以往国内外对镇痛药物的研究并没有针对性,且未关注其并发症的产生,评分效果不佳,而2010年中医药大学麻醉科研究小组随机抽取了500例患者分析其镇痛药物前VAS疼痛评分和其他并发症的研究,研究结果跟该次试验研究一致,麻醉苏醒室患者在术后使用镇痛药物,能够改善由于疼痛导致的高血压、呼吸急促等并发症,安全有效。
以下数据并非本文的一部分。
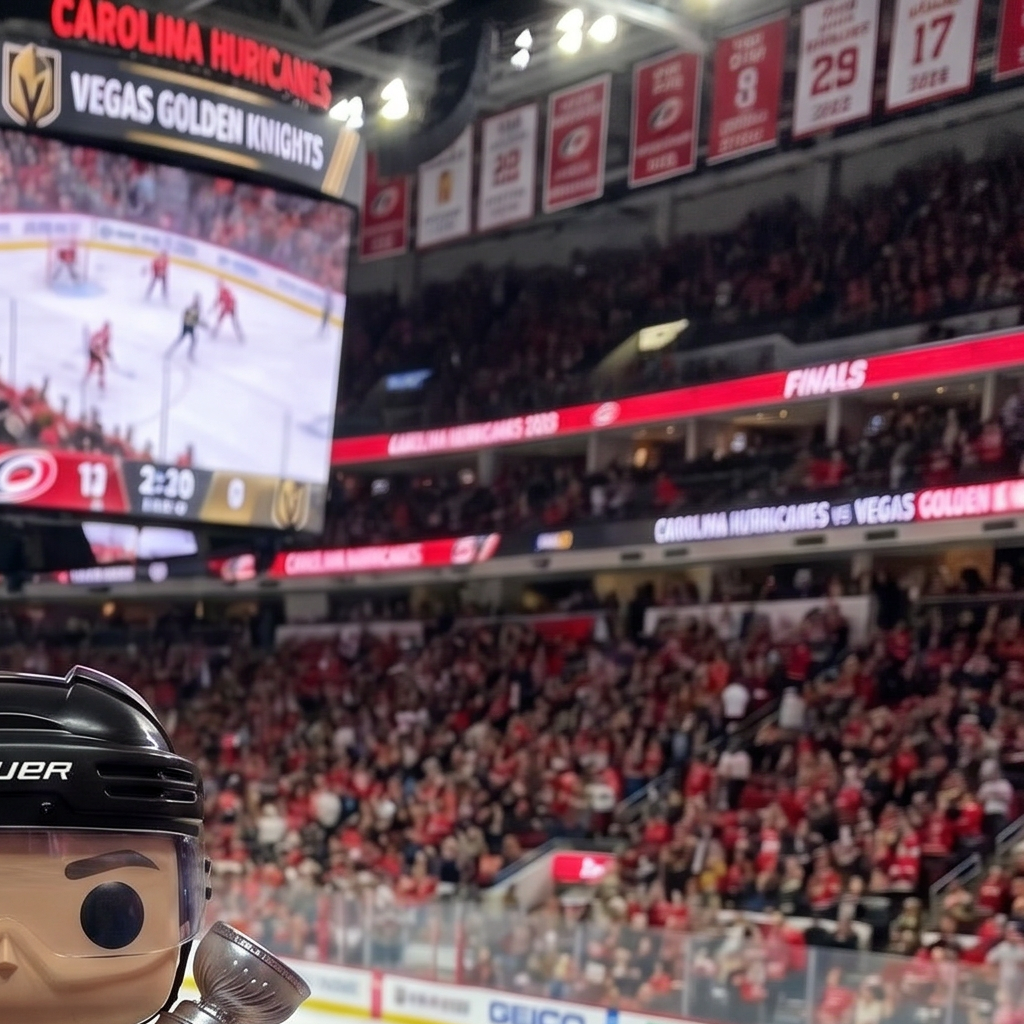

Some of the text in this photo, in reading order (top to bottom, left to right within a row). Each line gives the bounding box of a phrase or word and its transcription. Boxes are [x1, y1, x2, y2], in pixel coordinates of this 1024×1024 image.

[50, 0, 204, 67] CAROLINA
[913, 13, 956, 66] 17
[810, 46, 860, 97] 29
[70, 71, 324, 171] VEGAS GOLDEN KNIGHTS
[783, 359, 869, 399] FINALS
[854, 492, 916, 525] VEGAS
麻醉苏醒室(PACU)中合理有效的护理工作流程可以及时发现患者病情变化,尽早接受专科治疗和护理,提高护理质量,增加病人及家属满意度[5]。另外制定麻醉苏醒室的护理管理制度和标准,如PACU病人转入、转出标准,PACU护士与麻醉医生、手术室护士交接制度中的流程等,对患者的恢复也起到了决定性的作用[6]。护理工作流程主要包括以下几个方面:①手术前护士进行访视。到病房全面了解病情与患者家属进行心理沟通,同时建立个性化护理计划。②手术中护士的积极配合。根据患者手术期间的具体情况,一方面激励患者放松心情,另一方面主动配合医生的处理。③手术后麻醉护士的监护。积极配合麻醉医生及时妥善放置好各种引流管,密切观察病情,尽量使病人维持正常的生理功能,保持呼吸道的通畅。积极到病房回访,对病患进行个体化健康和心理指导,提升护理工作质量。
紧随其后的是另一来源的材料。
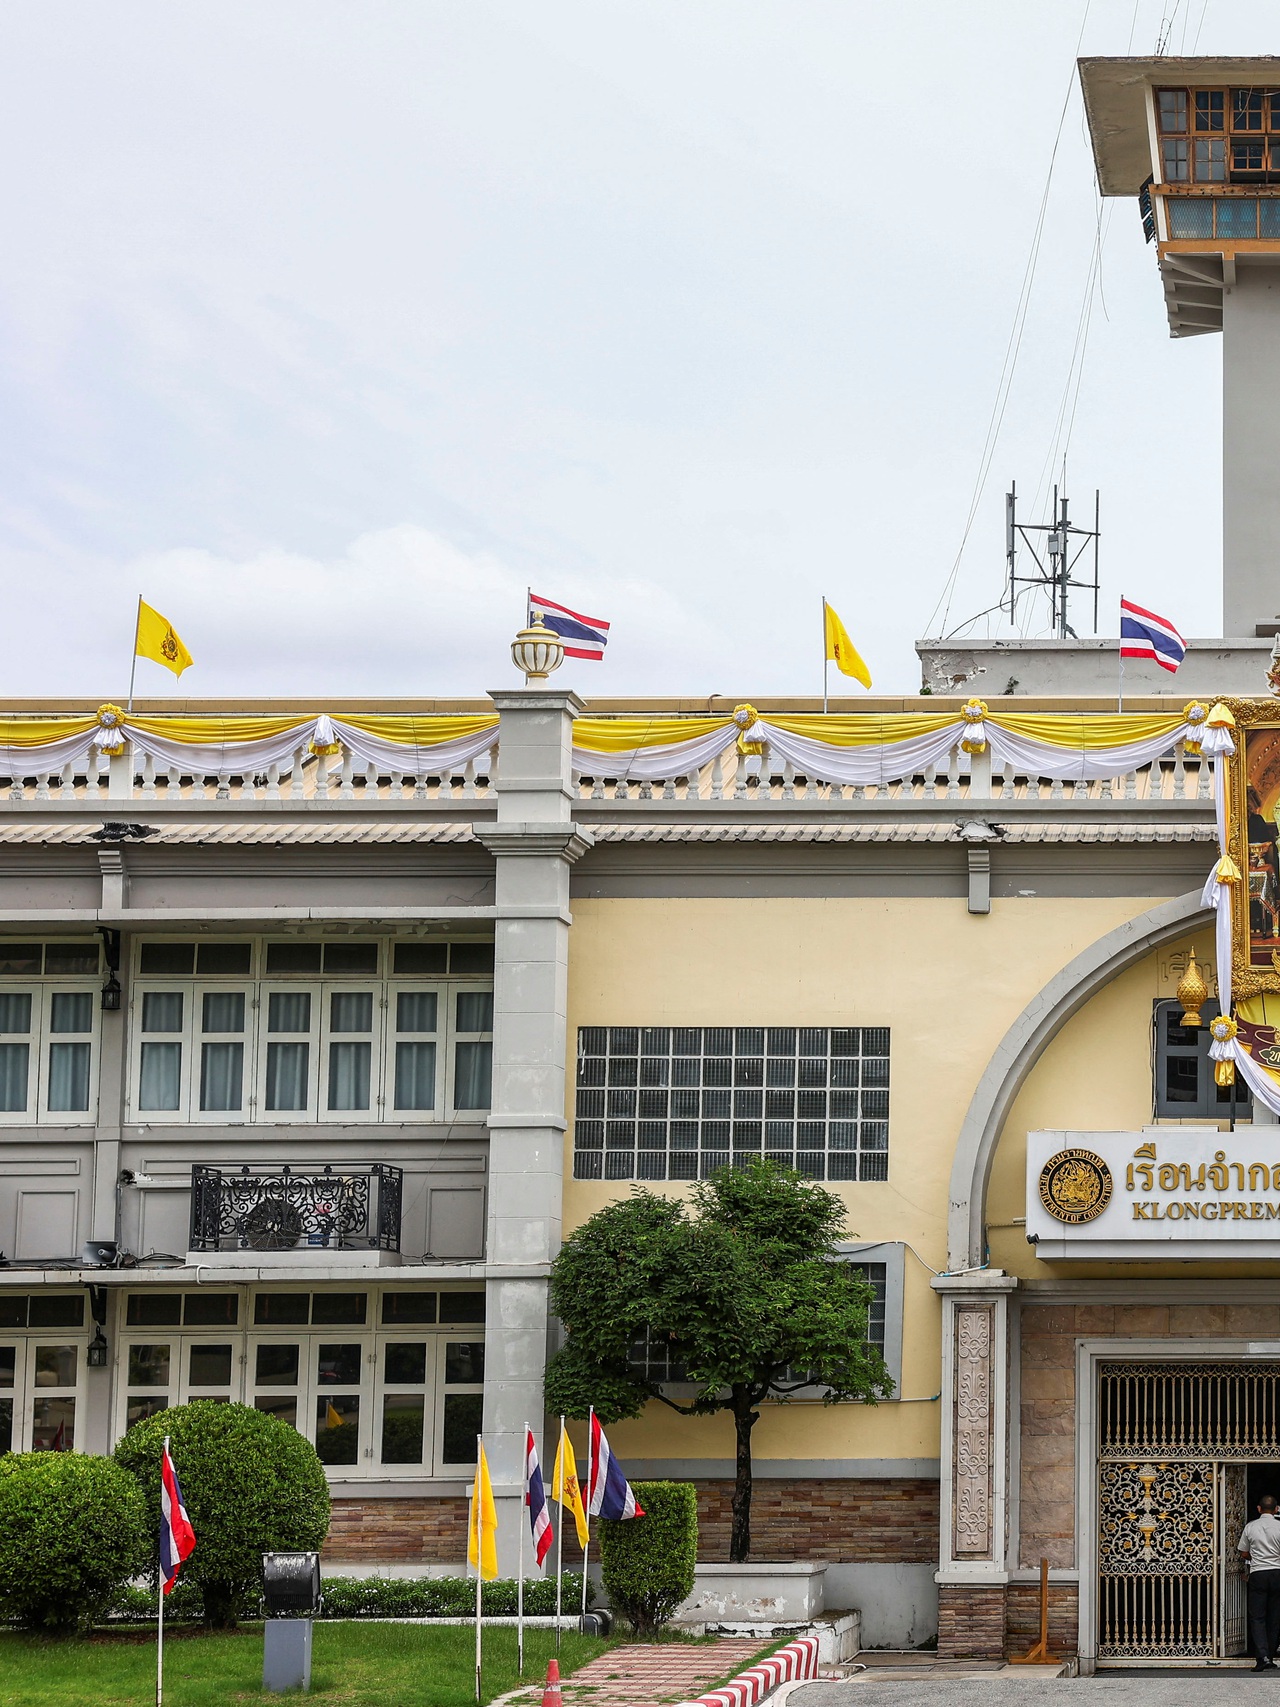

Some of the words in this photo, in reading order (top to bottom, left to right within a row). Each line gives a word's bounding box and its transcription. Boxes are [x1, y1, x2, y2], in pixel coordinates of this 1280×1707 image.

在制定麻醉苏醒室的护理管理制度和标准方面只要包括:①严格查对后接收患者,根据患者病情严密病人血氧饱和度、心电监护等;②面对面交接班,主要包括麻醉方法和手术方式、体位、全身皮肤情况等;③严格根据医生医嘱用药,并做好监测及各种记录;④符合出室条件者安全送返病房,并与病房护士做好交接班;⑤定期检查维护呼吸机、监护仪的功能、完善使用登记等;⑥严格加强苏醒室各项规章制度,加强护士素质的修养,保持积极乐观的心态,从患者的角度出发,为患者的切身利益着想。

麻醉苏醒室(PACU)中护理过程中使用镇痛药应该积极评估药物治疗后的镇痛效果。镇痛药物是医生们进行疼痛治疗的重要工具,及时有效的采用镇痛药物治疗,能够改善由于疼痛导致的躁动、心动过速、高血压、呼吸急促等并发症。镇痛药物根据作用机制可分为三大类,即阿片类镇痛药、非阿片类镇痛及辅助性镇痛药。阿片类镇痛药以吗啡、芬太尼等为代表药物,被用于临床。非阿片类镇痛药物主要包括非甾体类抗炎药,例如环氧化酶-2抑制剂,该类药物中的抑制剂具有副作用较小的优点。辅助性镇痛药物以抗精神病、抗惊厥药物为主,对于阿片类药物不敏感的患者,可作为辅助用药[7]。目前,还没有一种镇痛药能符合理想镇痛药的全部要求,也没有一种镇痛药能够治疗所有类型的疼痛,因此,在临床应用中联合利用多种镇痛药物, 通过其镇痛作用的多种机制,使药物间产生协同效应, 提高疗效。例如,非留体抗炎药与对乙酰氨基酚酚的联合应用,可提高镇痛效果,减少不良反应。另外,患者自控镇痛(patient controlled analgesia,PCA)够提供更好的疼痛控制,病人的满意度更高。它是凭借电了输液装置(如泵)和时间装置、患者能够自己给药的一种镇痛模式,开始于20世纪80年代,给药途径包括静脉、硬膜外、皮下和外周神经阻滞。对于患者术后自控镇痛的患者,护理人员应该了解无效按压次数、是否寻求其他镇痛药物、记录疼痛评价量表测定值,记录不良反应等内容,以便更好地评价药物的疗效和促进患者无痛康复。

随着临床护士广泛参与临床疼痛治疗和管理,护理在镇痛管理中发挥自己的优势,PACU护士要有高度责任心和警觉心,系统的PACU专业护理知识和技能,应掌握PACU中常见并发症的处理及各种监测技术、拔管指征和出室指征等,遇到紧急情况时,都要求苏醒室的护理人员必须及时发现问题并及时处理问题,减少并发症的发生。护理人员应该在镇痛管理中发挥自己的优势,提高临床护理治疗效率,促进镇痛药物的合理使用,为广大病患能够更好的康复奠定良好的基础。麻醉苏醒室患者在术后使用镇痛药物,能够改善由于疼痛导致的高血压、呼吸急促等并发症,安全有效,值得在临床上应用和推广。